Action item: Without the images, write out all of the following entries exactly.

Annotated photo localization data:
_ _ _

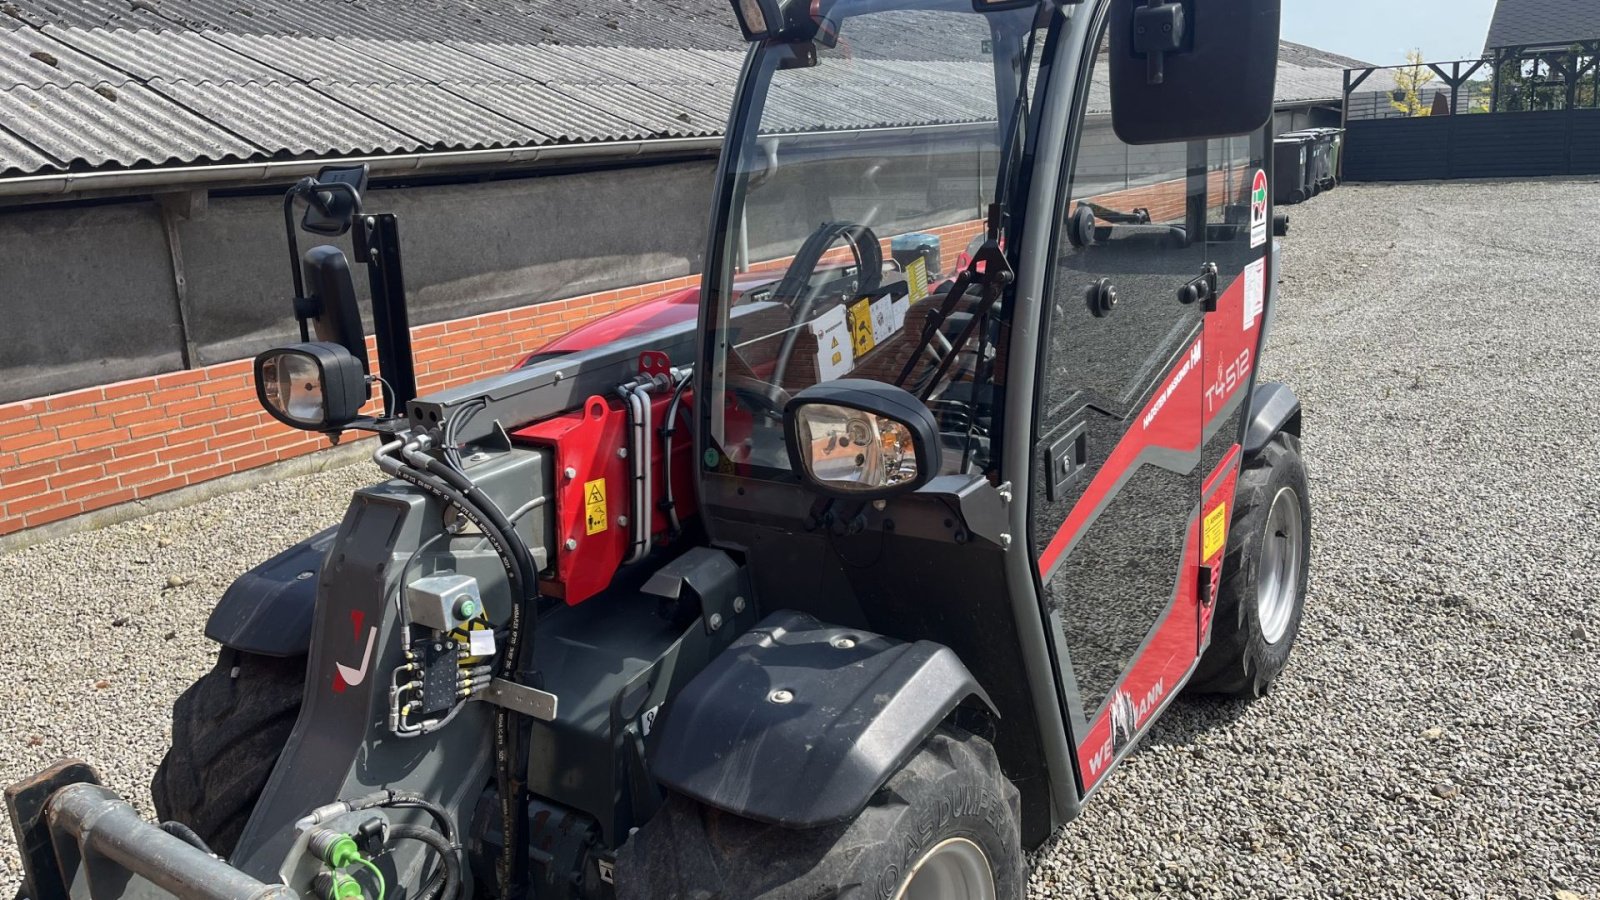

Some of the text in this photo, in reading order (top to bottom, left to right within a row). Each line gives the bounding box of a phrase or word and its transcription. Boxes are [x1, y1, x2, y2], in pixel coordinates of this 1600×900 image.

[1190, 339, 1201, 370] HM
[1205, 347, 1250, 412] T4512
[937, 785, 1007, 837] DUMPER
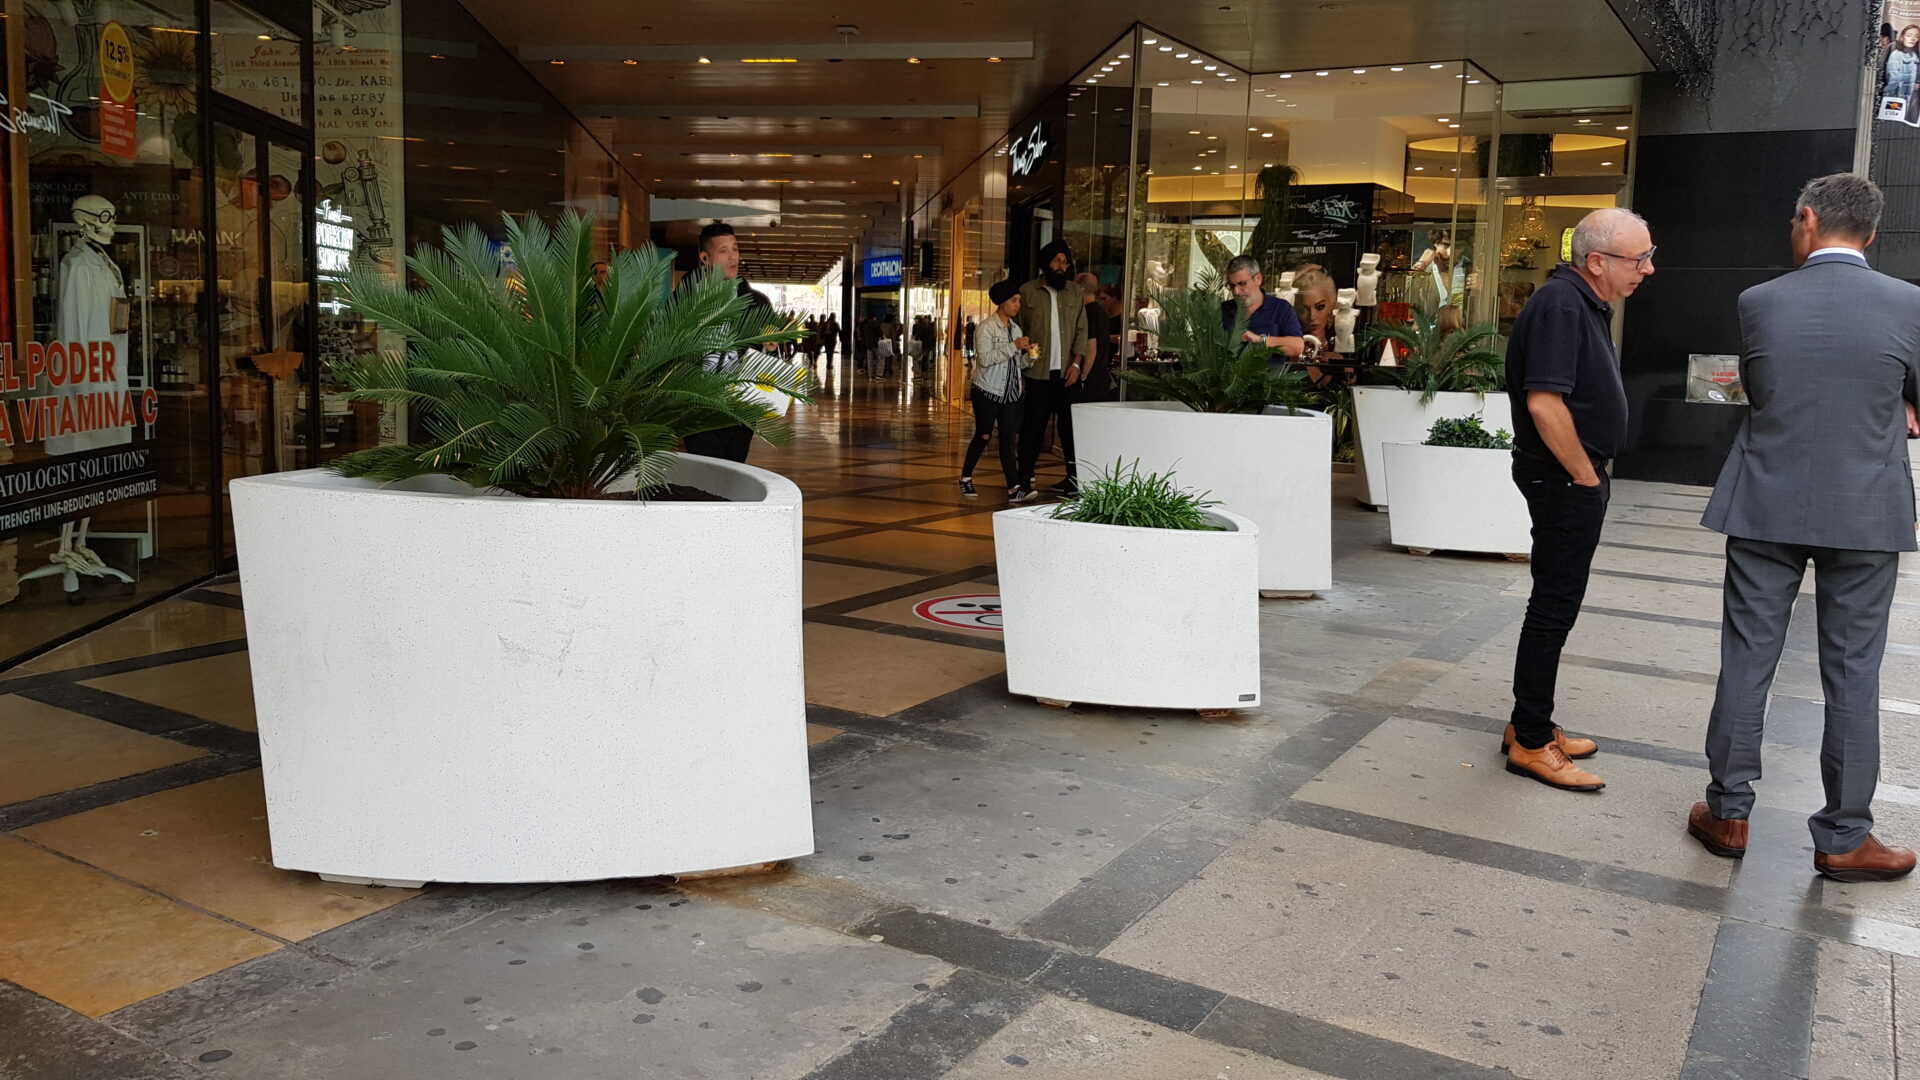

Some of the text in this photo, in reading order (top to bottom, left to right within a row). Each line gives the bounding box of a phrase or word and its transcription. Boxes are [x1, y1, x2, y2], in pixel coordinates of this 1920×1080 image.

[104, 39, 130, 64] 12,5%
[335, 77, 354, 87] Dr.
[341, 93, 386, 104] spray
[333, 107, 345, 116] a
[351, 105, 385, 118] day.
[346, 120, 370, 129] USE
[1302, 246, 1327, 254] RITA ORA
[870, 259, 902, 278] DECATHLON
[26, 340, 117, 391] PODER
[17, 390, 137, 444] VITAMINA
[141, 386, 159, 425] C
[43, 490, 105, 520] LINE-REDUCING
[106, 478, 157, 503] CONCENTRATE

_ _ _

Result of this exercise:
Some of the text in this photo, in reading order (top to bottom, left to right within a row). Each line gives the bounding box of a phrase or word and its transcription. Boxes are [x1, y1, x2, y2], in pixel coordinates of this 1600×900 image.

[1190, 339, 1201, 370] HM
[1205, 347, 1250, 412] T4512
[937, 785, 1007, 837] DUMPER

Some of the text in this photo, in reading order (top to bottom, left to right within a row). Each line gives the bounding box of a phrase or word and its transcription. Boxes are [x1, y1, x2, y2], in pixel coordinates of this 1920×1080 image.

[104, 39, 130, 64] 12,5%
[335, 77, 354, 87] Dr.
[341, 93, 386, 104] spray
[333, 107, 345, 116] a
[351, 105, 385, 118] day.
[346, 120, 370, 129] USE
[1302, 246, 1327, 254] RITA ORA
[870, 259, 902, 278] DECATHLON
[26, 340, 117, 391] PODER
[17, 390, 137, 444] VITAMINA
[141, 386, 159, 425] C
[43, 490, 105, 520] LINE-REDUCING
[106, 478, 157, 503] CONCENTRATE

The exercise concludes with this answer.